Problem to work on
No pictures, nothing altered: return the data below.

═══ Data shown ═══

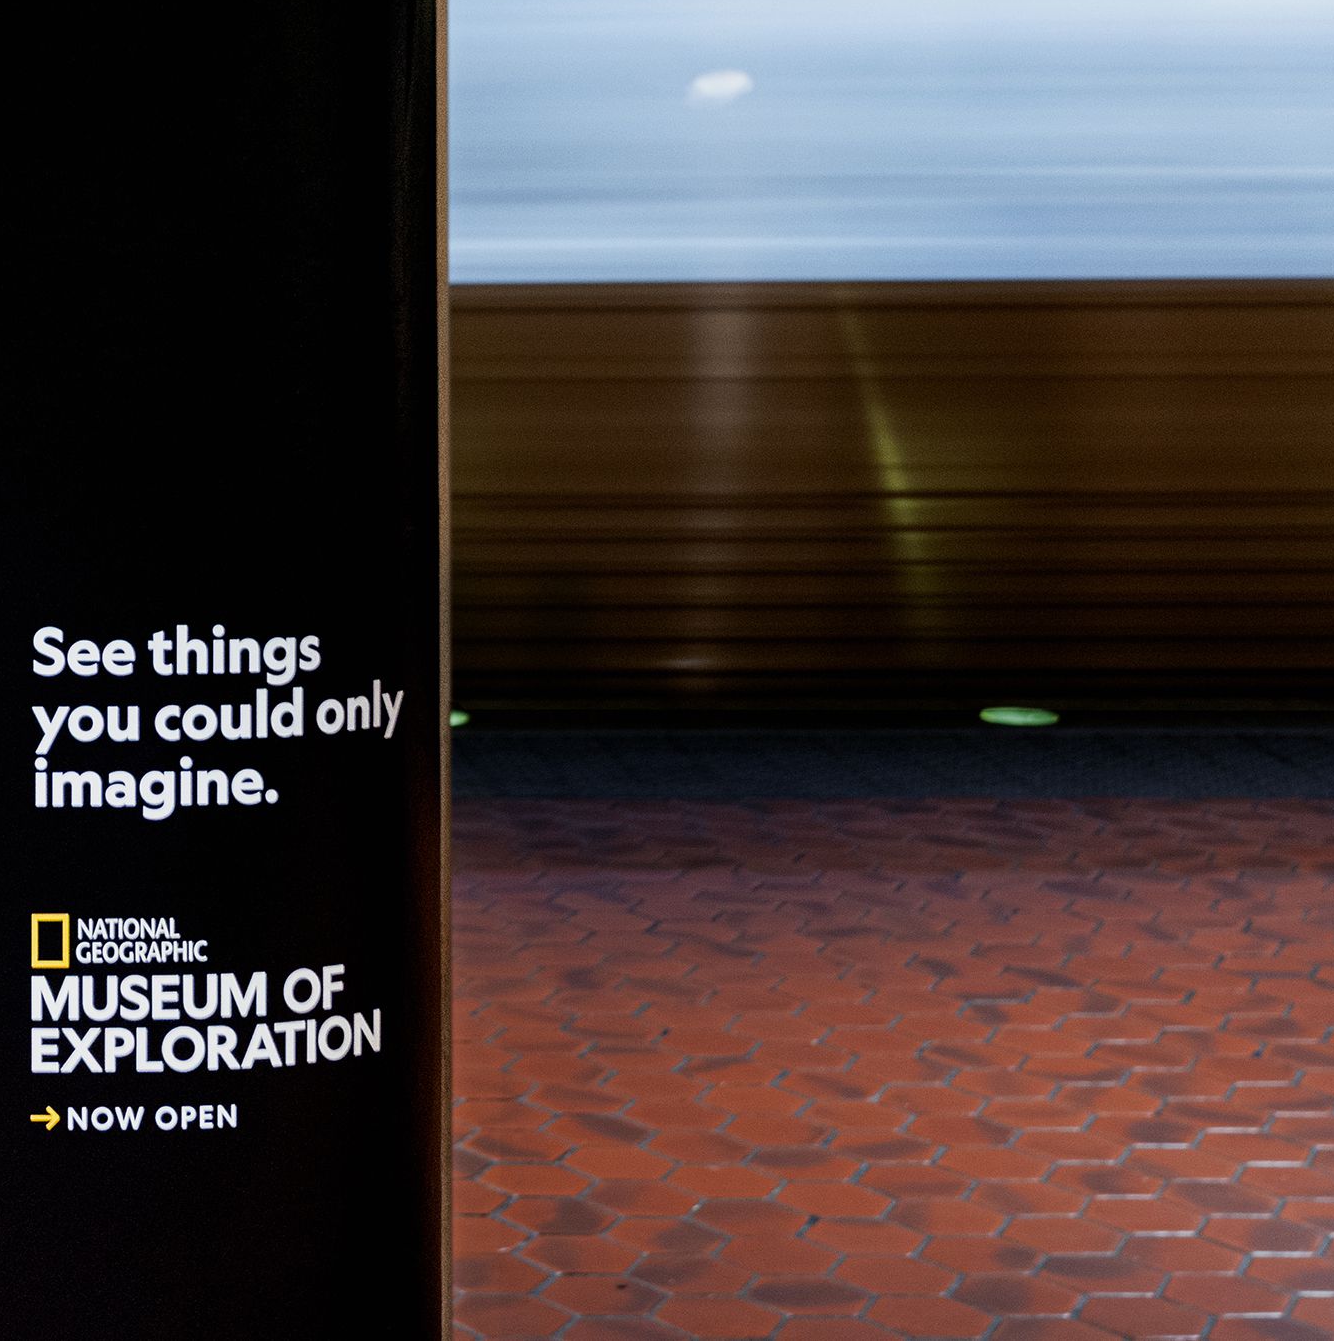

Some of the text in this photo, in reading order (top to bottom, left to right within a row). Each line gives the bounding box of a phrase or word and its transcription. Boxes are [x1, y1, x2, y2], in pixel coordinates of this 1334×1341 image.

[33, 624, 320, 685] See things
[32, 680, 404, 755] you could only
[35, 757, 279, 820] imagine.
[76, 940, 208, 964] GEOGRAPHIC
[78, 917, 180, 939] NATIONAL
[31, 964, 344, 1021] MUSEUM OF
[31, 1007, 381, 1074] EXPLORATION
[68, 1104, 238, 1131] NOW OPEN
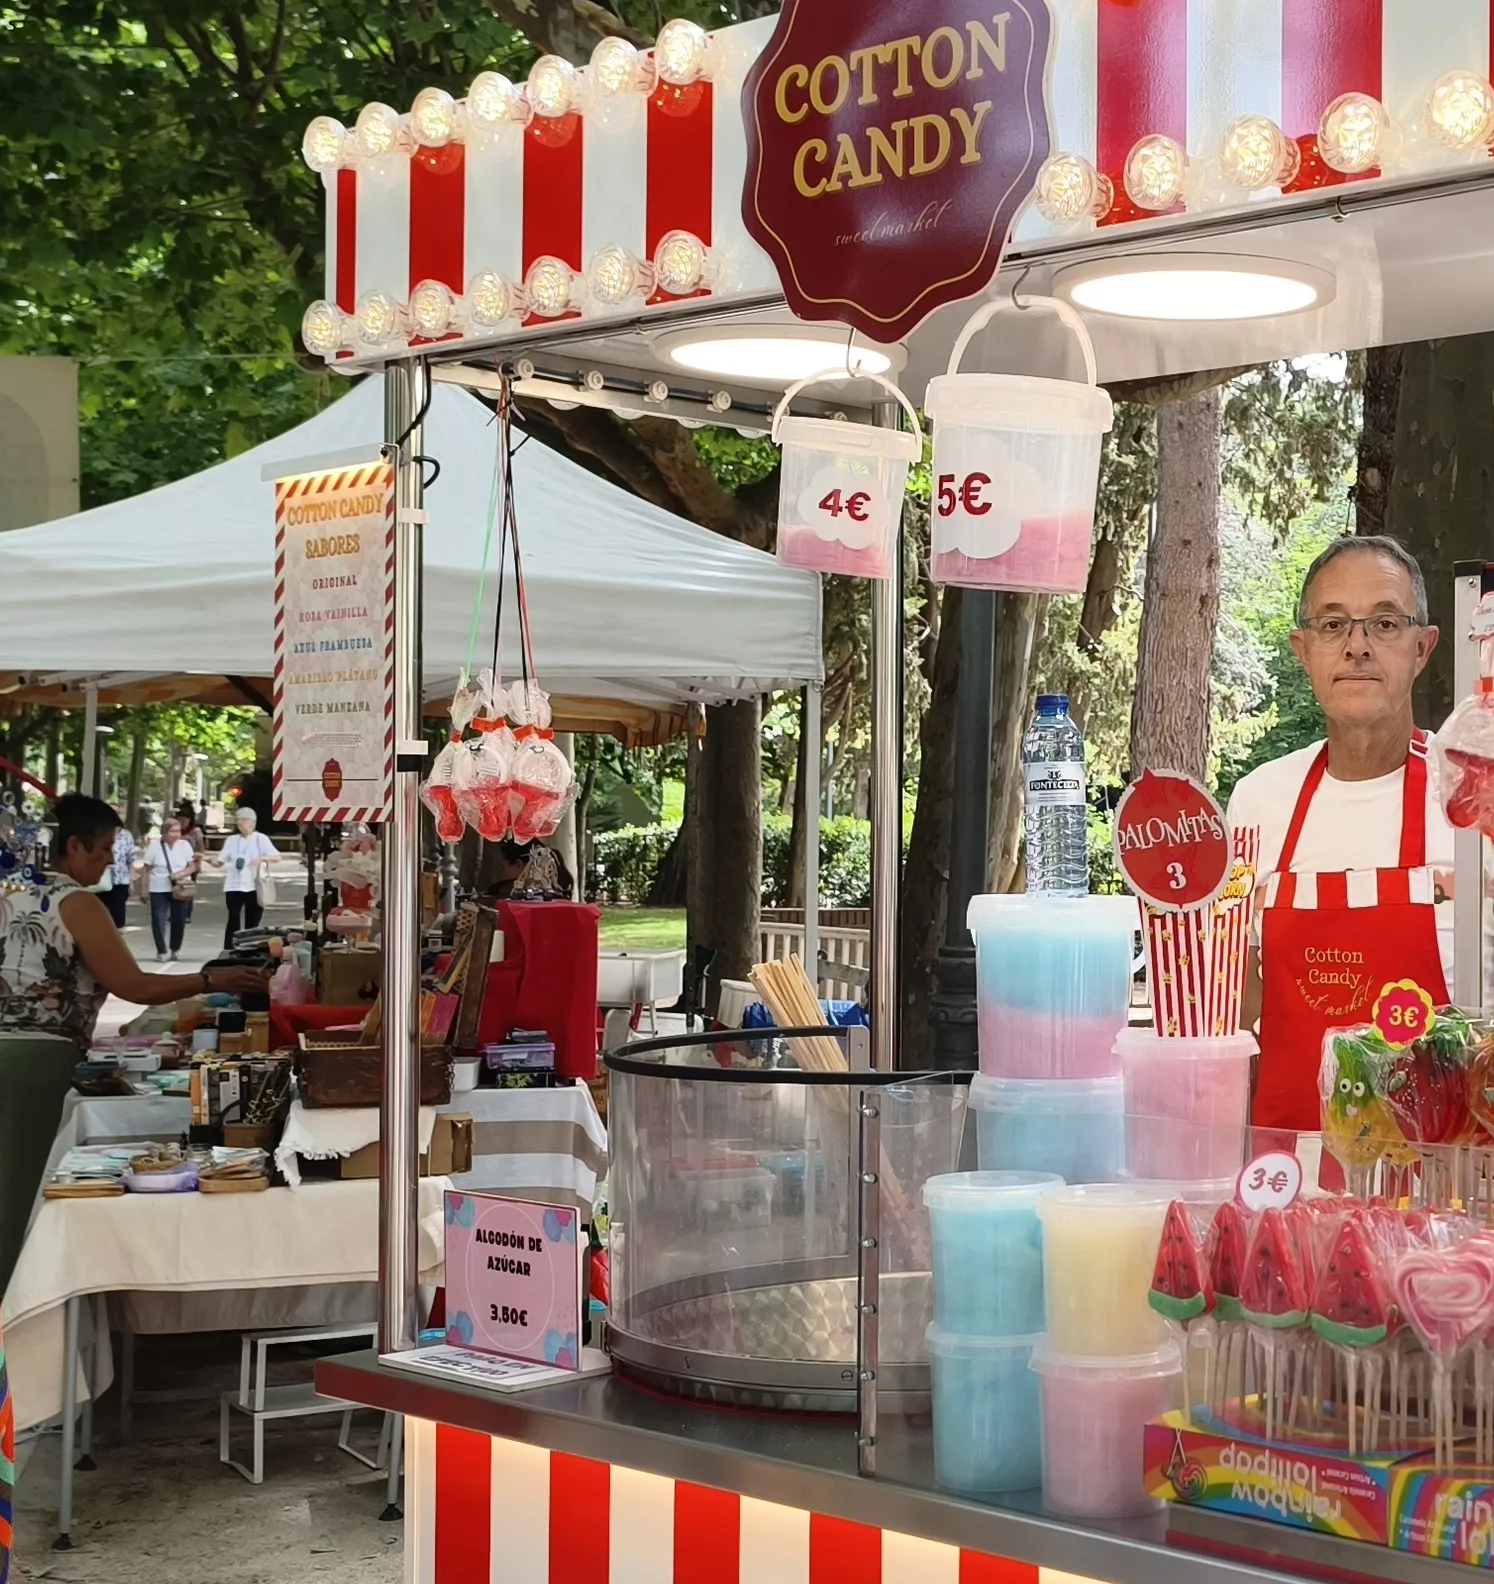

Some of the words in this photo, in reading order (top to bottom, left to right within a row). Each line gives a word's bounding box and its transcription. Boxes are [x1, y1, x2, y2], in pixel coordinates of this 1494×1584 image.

═══

Solved exercise
Some of the text in this photo, in reading order (top to bottom, left to right within a row). Each line gives the bounding box of a phrase or word and its transcription. Boxes are [x1, y1, x2, y2], in pixel coordinates of this 1334×1341 image.

[33, 624, 320, 685] See things
[32, 680, 404, 755] you could only
[35, 757, 279, 820] imagine.
[76, 940, 208, 964] GEOGRAPHIC
[78, 917, 180, 939] NATIONAL
[31, 964, 344, 1021] MUSEUM OF
[31, 1007, 381, 1074] EXPLORATION
[68, 1104, 238, 1131] NOW OPEN

Some of the words in this photo, in reading order (top to bottom, left to right within a row). Each line gives a word's bounding box and its transcription. Boxes are [x1, y1, x2, y2], in pixel coordinates of this 1494×1584 image.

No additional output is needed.